12 Dezembro 2024
As lideranças Francisca Arara e Shirley Krenak, que atuam na gestão pública e na sociedade civil organizada, contam em documentário como sua concepção de biodiversidade permeia seu pensamento político.
A reportagem é de Soledad Dominguez, publicada por El País, 11-12-2024.
Francisca Arara (45 anos) tem dois nomes e vive em dois mundos. Em sua língua nativa ele se chama Yaka Shawãdawa, do povo indígena Shawãdawa. Desde 2023, Arara é a autoridade máxima da Secretaria dos Povos Indígenas do Estado do Acre (norte do Brasil), graças à carreira como professora e líder em organizações sobre questões de mudanças climáticas. Ele fala lentamente para a câmera e ao fundo é possível ouvir e ver o rio Acre, que atravessa a cidade de Rio Branco. “Nossos mais velhos já diziam que iriam acontecer mudanças climáticas, que o sol ficaria mais quente, que não veríamos mais as estrelas com tanta clareza e que os frutos iriam secar. Sem mais delongas, veja só: o mamão é assado ao sol. Onde estão as borboletas que voavam sobre os nossos rios de outrora? Nossos mais velhos, com seu conhecimento do mundo espiritual, já observaram tudo isso”, explica a dirigente no documentário Kunha Karaí e as Narrativas da Terra, realizado em sete estados brasileiros e dirigido pela antropóloga Paola Mallmann. O filme foi lançado este ano na América do Sul.

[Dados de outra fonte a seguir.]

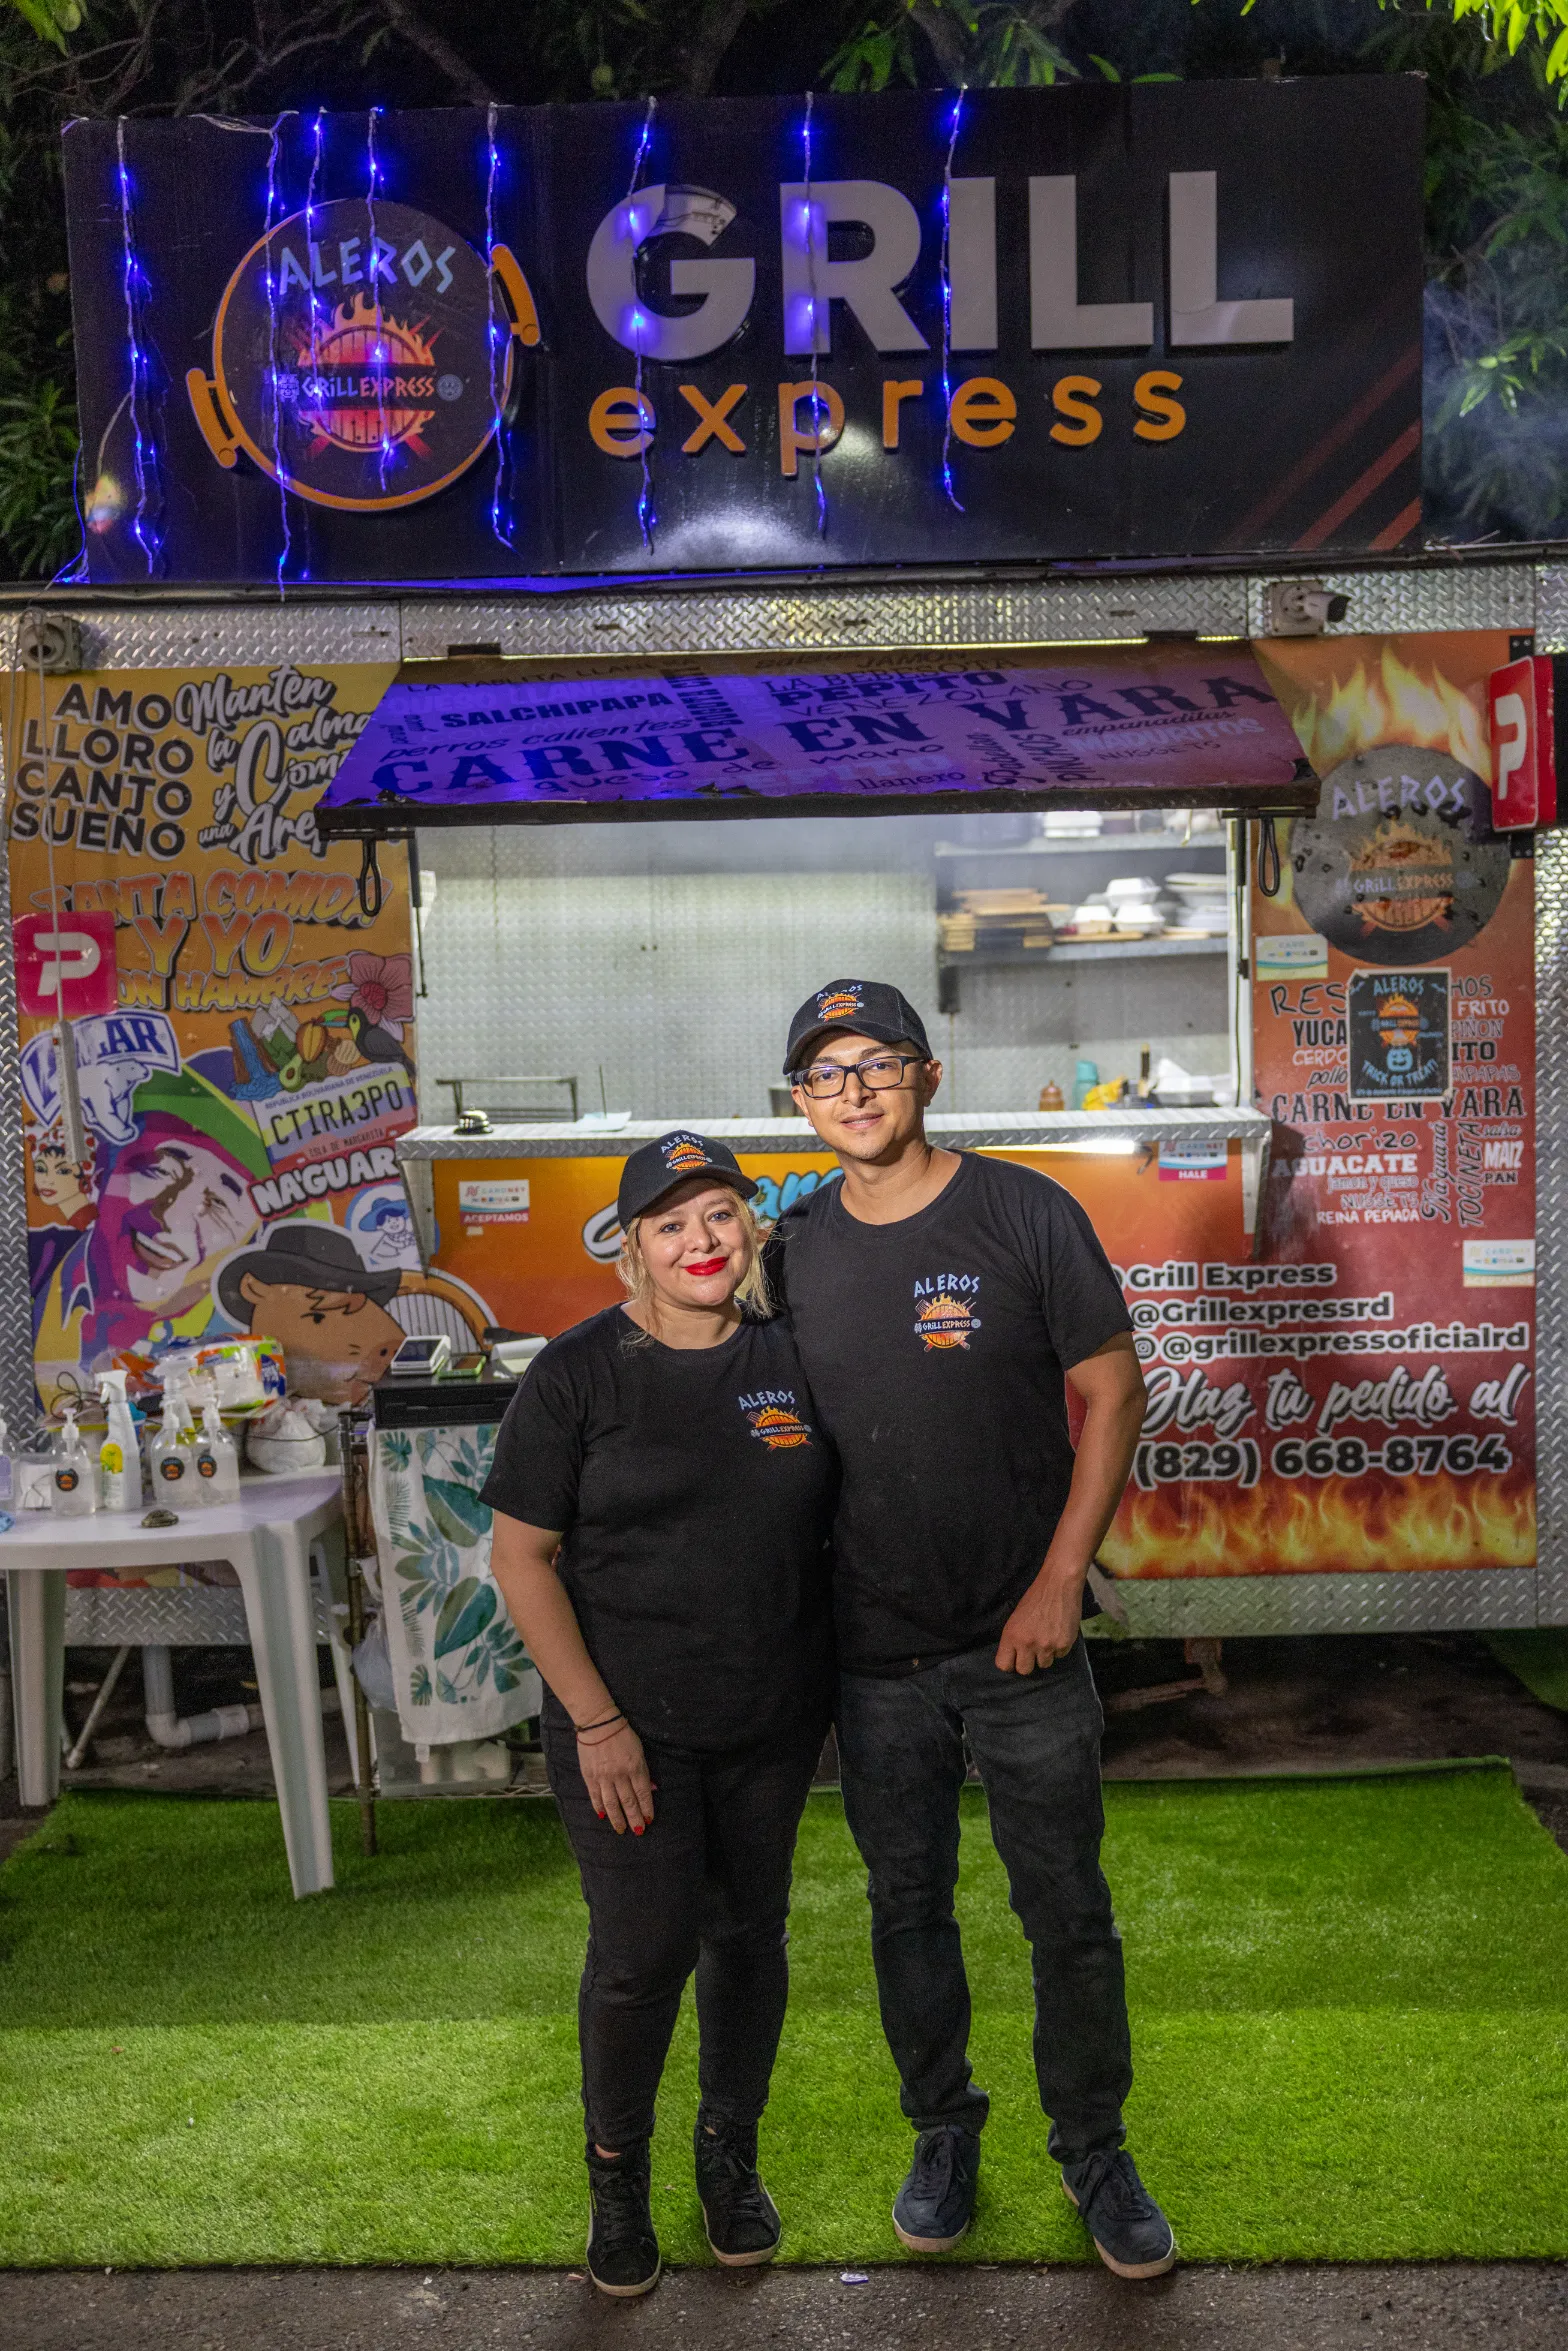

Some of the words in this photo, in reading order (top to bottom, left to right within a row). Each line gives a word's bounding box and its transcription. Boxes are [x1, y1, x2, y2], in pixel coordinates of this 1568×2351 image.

[277, 237, 456, 295] ALEROS
[586, 170, 1294, 362] GRILL
[589, 370, 1186, 479] express
[762, 677, 815, 693] LA
[772, 671, 1008, 707] PEPITO
[785, 679, 1093, 717] VENEZOLANO
[53, 683, 172, 732] AMO
[441, 692, 674, 728] SALCHIPAPA
[1062, 709, 1237, 736] empanaditas
[24, 719, 194, 776] LLORO
[207, 728, 237, 771] la
[370, 728, 750, 794] CARNE
[774, 711, 938, 753] EN
[956, 676, 1279, 731] VARA
[380, 738, 512, 763] perros
[522, 717, 694, 746] calientes
[535, 769, 690, 793] queso
[722, 760, 778, 773] de
[810, 744, 946, 764] mano
[854, 771, 966, 790] llanero
[16, 761, 192, 819] CANTO
[213, 784, 236, 822] y
[1332, 774, 1466, 821] ALEROS
[199, 823, 235, 845] una
[31, 872, 196, 921] TANTA
[204, 869, 393, 927] COMIDA
[134, 915, 188, 978] Y
[201, 910, 294, 978] YO
[1373, 975, 1425, 997] ALEROS
[1457, 999, 1510, 1017] FRITO
[1292, 1019, 1347, 1047] YUCA
[1305, 1066, 1348, 1091] pollo
[1271, 1093, 1373, 1124] CARNE
[1440, 1086, 1526, 1119] VARA
[1303, 1127, 1418, 1153] chorizo
[1482, 1124, 1522, 1138] salsa
[1178, 1169, 1208, 1179] HALE
[1272, 1153, 1418, 1177] AGUACATE
[1456, 1120, 1484, 1229] TOCINETA
[1483, 1170, 1518, 1185] PAN
[463, 1212, 529, 1223] ACEPTAMOS
[1316, 1211, 1360, 1225] REINA
[1363, 1209, 1420, 1224] PEPIADA
[914, 1273, 980, 1298] ALEROS
[1130, 1263, 1195, 1290] Grill
[1206, 1263, 1334, 1293] Express
[1131, 1295, 1392, 1329] @Grillexpressrd
[1162, 1324, 1527, 1362] @grillexpressoficialrd
[738, 1390, 796, 1411] ALEROS
[1142, 1365, 1256, 1437] Haz
[1469, 1363, 1531, 1427] al
[1134, 1440, 1260, 1489] (829)
[1272, 1434, 1512, 1475] 668-8764

No Estado do Acre existem 18 povos indígenas, 31 mil indígenas e 246 aldeias. “Nasci na terra Arara do Igarapé Humaitá, vila Foz do Nilo, em Porto Walter”, conta Arara ao América Futura. O Acre não tem litoral e foi disputado por conflitos fronteiriços entre Brasil, Bolívia e Peru entre o final do século XIX e início do século XX. Os motivos: a riqueza das seringueiras, as castanhas do Pará e uma rede hídrica de mais de oito rios. “Minha cidade, Shawãdawa Arara, foi uma das mais perseguidas durante os chamados ataques de diferentes grupos étnicos no século 19, durante a era do boom da borracha para a indústria de transportes. Nós e outros grupos étnicos ficamos devastados”, diz ele.

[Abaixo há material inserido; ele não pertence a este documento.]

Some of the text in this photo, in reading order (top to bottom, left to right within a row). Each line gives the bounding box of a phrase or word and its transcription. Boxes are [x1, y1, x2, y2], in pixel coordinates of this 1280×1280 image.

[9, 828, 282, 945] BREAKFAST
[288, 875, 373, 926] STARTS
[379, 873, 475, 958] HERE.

Arara fez uma promessa a si mesma desde muito jovem. Crescer, florescer e trabalhar com o legado de sua avó, Juditi Pereira, outra liderança indígena. “Ela lutou pelo reconhecimento e demarcação das nossas terras. Ele liderou homens e mulheres. Ele nos ensinou com conselhos e trabalhou nas plantações. Ele organizou e deu ordens a todos. Ela estava entre dois mundos e eu queria seguir seus passos”, diz ele. Pereira atravessou os rios, foi até o município e navegou entre a visão de mundo indígena e as estruturas convencionais da sociedade. Conhecia as instituições sem nunca se separar dos seus valores e da percepção do mundo indígena.

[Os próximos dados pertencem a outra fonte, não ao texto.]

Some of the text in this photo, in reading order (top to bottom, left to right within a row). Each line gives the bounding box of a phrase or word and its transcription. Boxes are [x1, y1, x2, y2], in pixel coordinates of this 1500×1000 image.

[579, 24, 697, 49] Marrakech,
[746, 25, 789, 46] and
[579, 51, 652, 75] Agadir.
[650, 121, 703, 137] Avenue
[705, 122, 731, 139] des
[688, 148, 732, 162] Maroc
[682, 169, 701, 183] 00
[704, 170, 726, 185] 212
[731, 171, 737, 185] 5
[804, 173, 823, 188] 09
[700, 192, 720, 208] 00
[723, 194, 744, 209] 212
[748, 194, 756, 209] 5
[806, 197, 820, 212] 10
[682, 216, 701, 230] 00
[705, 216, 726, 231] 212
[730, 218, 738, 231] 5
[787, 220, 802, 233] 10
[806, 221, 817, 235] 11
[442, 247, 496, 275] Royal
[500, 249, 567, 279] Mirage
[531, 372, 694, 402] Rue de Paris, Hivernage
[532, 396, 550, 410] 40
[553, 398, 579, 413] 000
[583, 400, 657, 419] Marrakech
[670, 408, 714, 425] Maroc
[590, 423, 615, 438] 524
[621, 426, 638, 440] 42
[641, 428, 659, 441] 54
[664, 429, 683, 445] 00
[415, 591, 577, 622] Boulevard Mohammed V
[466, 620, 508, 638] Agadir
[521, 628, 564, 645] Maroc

É assim que Arara também transita entre esses dois mundos e os liga. Ele passa os dias visitando aldeias, registrando necessidades, trabalhando no Secretariado e em discussões regionais e internacionais sobre mudanças climáticas. Antes de assumir o cargo atual, pertenceu à Organização dos Professores Indígenas do Acre e à Secretaria Extraordinária dos Povos Indígenas desse mesmo estado (SEPI), onde atuou em políticas públicas voltadas à proteção dos direitos dessas comunidades. “Agora, na minha atual função como secretária, focamos em garantir os direitos do nosso povo para que todos os recursos cheguem até ele: segurança alimentar, formação educacional e informação, água potável e demarcação de suas terras. Manter os povos indígenas em seus territórios é manter as florestas em pé e respeitar a natureza”, explica.
Shirley Krenak (44 anos) pega o microfone e abre os braços diante do público de mulheres indígenas de todas as partes do Brasil que a ouvem. É uma cena da Primeira Marcha das Mulheres Indígenas de Brasília (2019) que marcou para sempre o movimento indígena brasileiro e latino-americano. “Nossos territórios são nossos corpos e espíritos. Nossa mãe terra nos chama de mulheres indígenas empoderadas. Somos terra, água, sol, sangue. Somos nós que criamos”, diz ela. Krenak é uma liderança indígena mineira, originária do povo Krenak, da região do Rio Doce, que sofreu uma das maiores tragédias minerárias do mundo em 2015.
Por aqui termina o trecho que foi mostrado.